In reporting on its 50th anniversary, The Hawaii Tribune Herald noted that, “Andres Baclig, the county bandmaster in 1964, composed a number called the ‘Merry Monarch Festival March.’”
“The song, which was received with much acclaim, was presented at the Mooheau Bandstand on April 2, 1964, and it was a spirited number, featuring ‘lots of trombones and baritones.’”
In a report on planning for the 5th annual festival in the Honolulu Advertiser (December 24, 1967), it was reported that, “The largest planning committee ever set up for a Hilo Merry Monarch Festival is at work on the fifth annual festival”.
The ‘Merry’ name was used at least until 1969.

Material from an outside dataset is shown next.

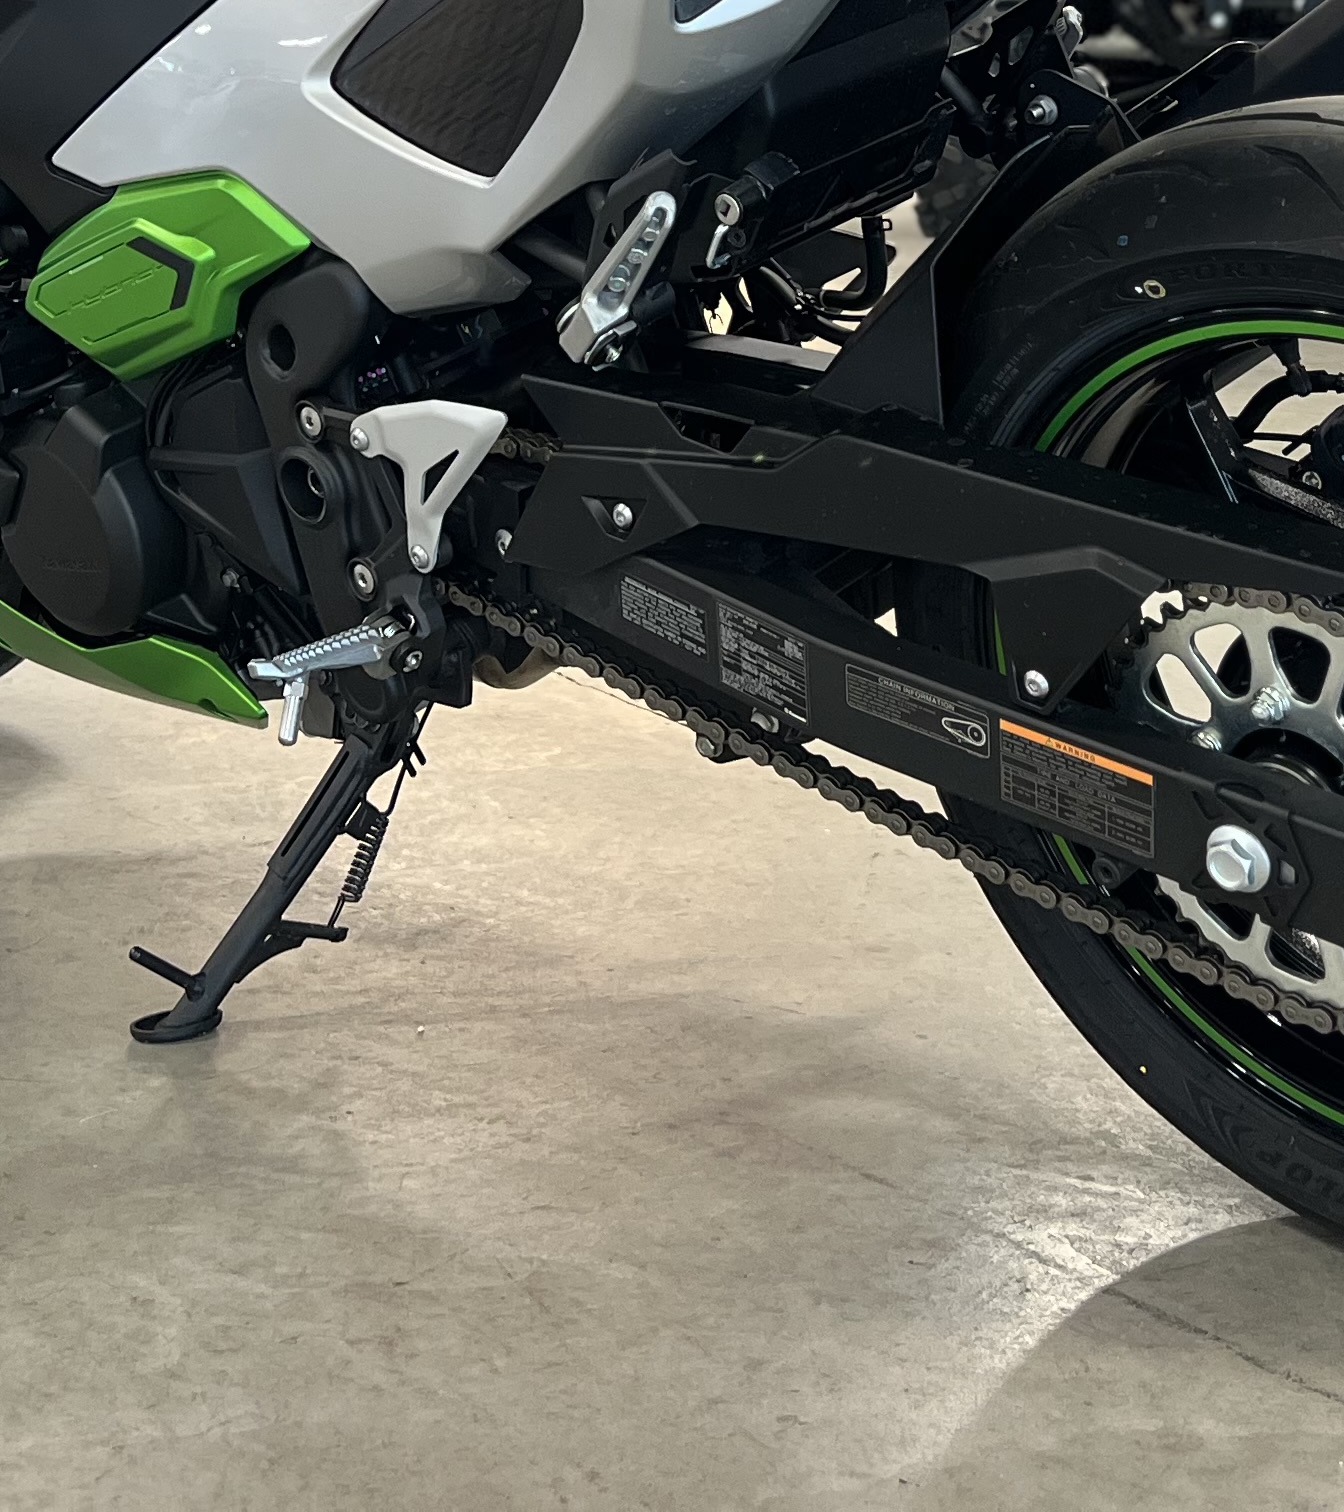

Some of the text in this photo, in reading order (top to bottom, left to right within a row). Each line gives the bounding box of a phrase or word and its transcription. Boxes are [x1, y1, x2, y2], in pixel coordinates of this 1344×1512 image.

However, the 1977 program for the festival was a bit ambidextrous. The program was titled ‘Merrie Monarch Festival,’ but text on its initial pages, noted, “Hilo’s Merry Monarch Festival is named for Kalakaua who was Hawaii’s Merry Monarch.”
In 1971, the first competitive Merrie Monarch contest took place at the Hilo Civic Auditorium. In 1979 the festival moved to the Edith Kanaka‘ole Tennis Stadium, where it has been held ever since.
In the late-1970s, newspaper reporting noted that performing at Hulihee Palace was the ‘Merry Monarchs Hawaiian Glee Club,’ “the foremost all male Hawaiian language singing group in the Islands (December 12, 1977). A similar concert to celebrate the birthday of “Hawaii’s Merry Monarch, Kalakaua” was held that year at the Waikiki Shell.
Today, the King and Festival are referred to as the ‘Merrie Monarch.’ It is not clear when and why the nickname or the festival name changed from ‘Merry’ to ‘Merrie’. However, the festival remains the premier hula competition.